Membership shall be terminated by a member’s request or by delinquency in payment of fees i.e. when members have not forwarded their fees to the Treasurer within ninety (90) days of their billing. Notification of impending termination of membership will be in writing stating that membership will be terminated if fees are forwarded within one month of the same letter.

The Executive Council, by two-thirds vote, may extend time for payment of dues or exempt from dues for extenuating circumstances.

A casual vacancy occurs in the office of a Committee member and that office becomes vacant if the Committee member-
(a) dies;
(b) resigns by notice in writing delivered to the Chairperson or, if the
Committee member is the Chairperson, to the Vice-Chairperson and that resignation is accepted by resolution of the Committee; (c) is convicted of an offence under the Act;
(d) is permanently incapacitated by mental or physical ill-health;
(e) is absent from more than-
(i) 3 consecutive Committee meetings; or
(ii) 3 Committee meetings in the same financial year without tendering an apology to the person presiding at each of those Committee meetings; of which meetings the member received notice, and the Committee has resolved to declare the office vacant;
(f) ceases to be a member of the Association; or
(g) is the subject of a resolution passed by a general meeting of members terminating his or her appointment as a Committee member.

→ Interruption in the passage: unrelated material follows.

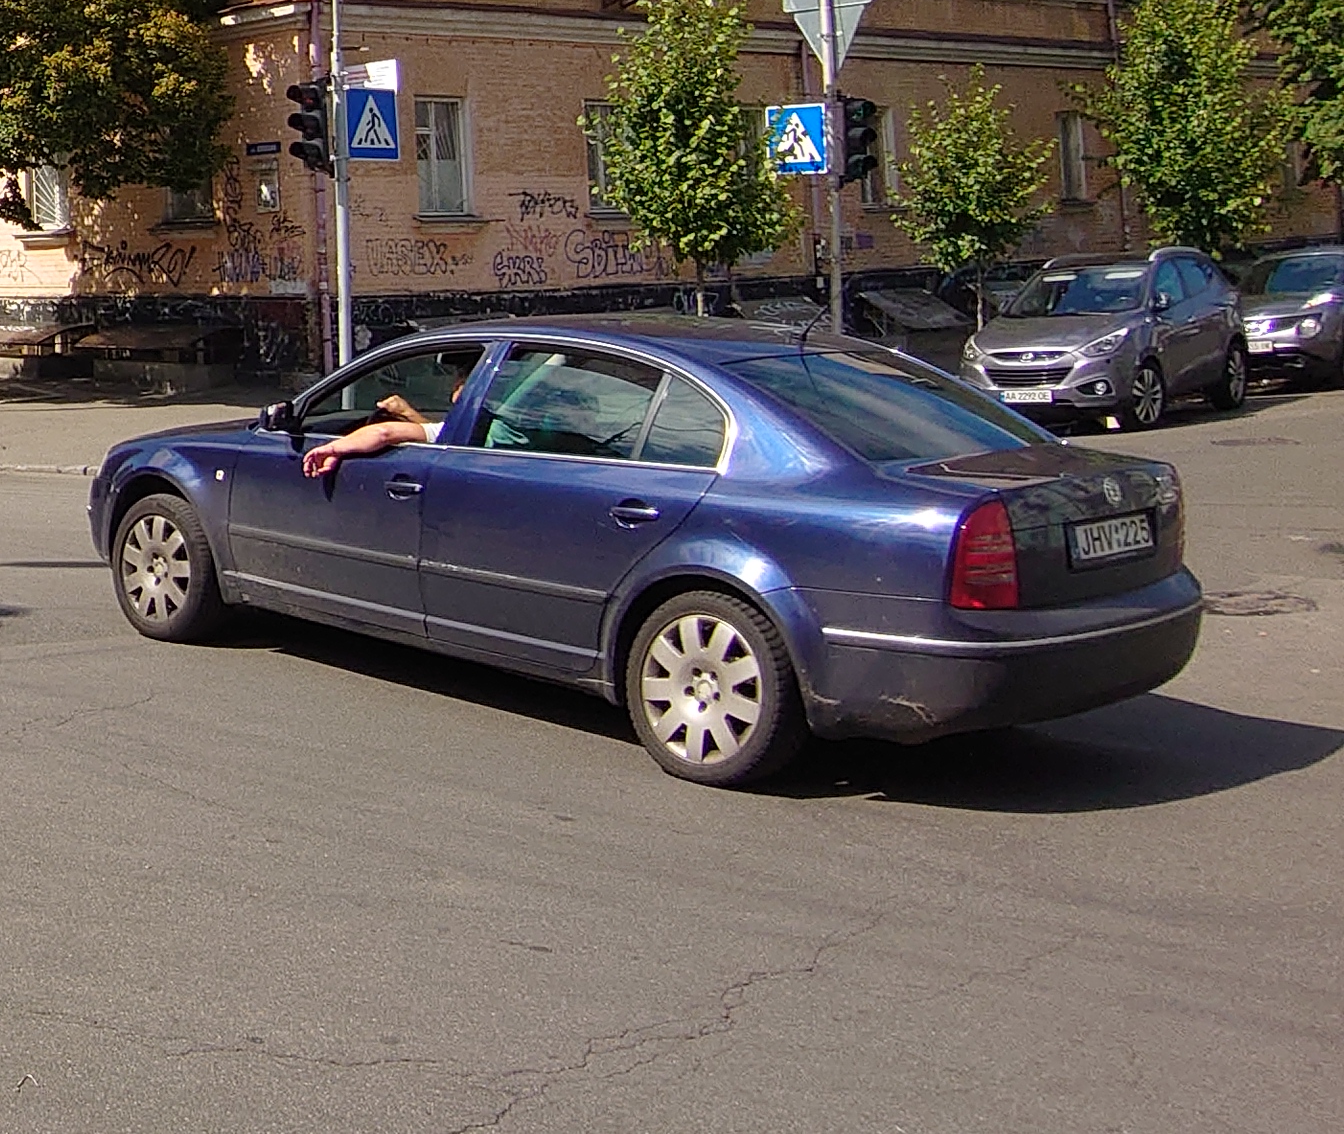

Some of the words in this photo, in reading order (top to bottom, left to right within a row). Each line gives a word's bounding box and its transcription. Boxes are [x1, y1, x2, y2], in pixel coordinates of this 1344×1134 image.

Every member of the Association is expected to behave ethically. Membership of the Association does not imply, directly or indirectly, certification in the treatment of cleft lip, cleft palate or associated problems.


The Association will have the power and authority to pass rules, by-laws and ordinances for its regulation and the conduct of its affairs, provided that these rules, by-laws and ordinances are not contrary to the Constitution of the Association, and not contrary to any laws of the States or Commonwealth of Australia.

No misnomer of the name of the Association shall nullify any bequest to or from the Association, provided the intent of such transmission shall be sufficiently clear on the face of the gift, grant, or other writing whereby an estate or other interest is intended to pass to or from the Association.


The property and income of the Association shall be applied solely towards the promotion of the objects of the Association and no part of that property or income may be paid or otherwise distributed, directly or indirectly, to members, except in good faith in the promotion of those objects.


Committees apart from the Council shall be established from time to time as deemed necessary by the Council for special purposes such as organising scientific meetings.


Publications of the Association shall be in the form of a newsletter or journal as and when determined by the Council.


The Association shall be formed by persons expressing an interest and desire to establish an Association with the aims and objectives written in this constitution. At the meeting, this constitution shall be discussed and changes may be suggested for ratification at the subsequent first general meeting of the Association.

A council should be elected at the Inaugural Meeting and the first duties shall be:
a) To establish a fund by collecting fees.
b) To publicise the Association to all persons known to be interested.
c) To establish a membership role.


The Association must have a common seal on which it’s corporate name appears in legible characters.
a) The common seal of the Association must not be used without the express authority of the Committee and every use of that common seal must be recorded in the minute book.
b) The affixing of the common seal of the Association must be witnessed by any two of the Chairperson, the Secretary and the Treasurer.
c) The common seal of the Association must be kept in the custody of the Secretary or of such other person as the Committee from time to time decides.


A member may at any reasonable time inspect without charge the books, documents, records and securities of the Association.